Decreased expression of DEAD-Box helicase 5 inhibits esophageal squamous cell carcinomas by regulating endoplasmic reticulum stress and autophagy

DEAD-Box Helicase 5(DDX5), also known as P68, is one of the founding members of the DEAD-Box helicase superfamily and it plays a key role in RNA metabolism. Several studies have reported that DDX5 is involved in many types of tumors through abnormal expression, but the detailed mechanism of DDX5 in esophageal squamous cell carcinoma (ESCC) has not been elucidated.
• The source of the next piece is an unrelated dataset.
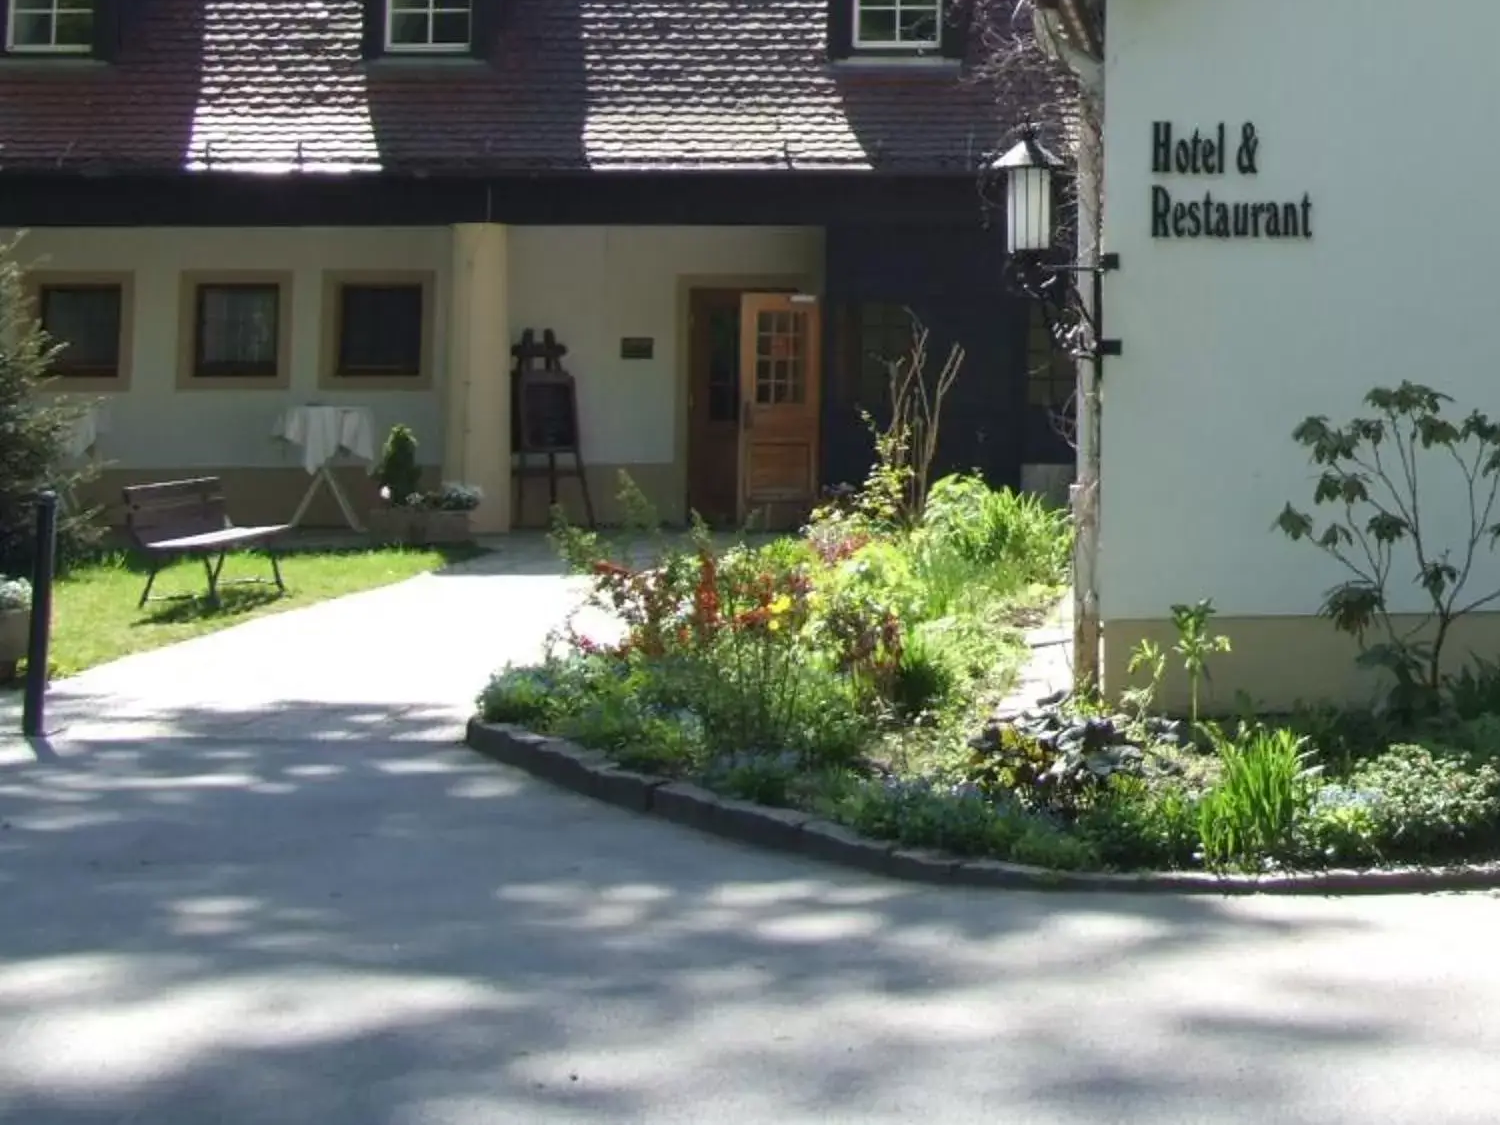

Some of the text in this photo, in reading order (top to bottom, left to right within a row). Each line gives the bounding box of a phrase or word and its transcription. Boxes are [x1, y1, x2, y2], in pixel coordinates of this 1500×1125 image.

[1151, 121, 1259, 175] Hotel &
[1151, 184, 1313, 239] Restaurant
In this study, we demonstrate that the level of DDX5 is a negative prognostic factor for ESCC. The obtained results indicated that decreased expression of DDX5 inhibits ESCC cell proliferation and metastasis. Further experiments suggested that CDK2, Cyclin D1 and Vimentin were downregulated, while E-cadherin was upregulated after DDX5 was knocked down. In addition, DDX5 was positively correlated with the expression of BIP, phospho-eIF2α, phospho-PERK and P62, suggesting that knockdown of DDX5 can inhibit endoplasmic reticulum(ER) stress and promote the recovery of autophagy flux. Therefore, this study demonstrates that the downregulation of DDX5 in ESSC correlates to lower malignancy and presents a novel target for the development of new treatment strategies.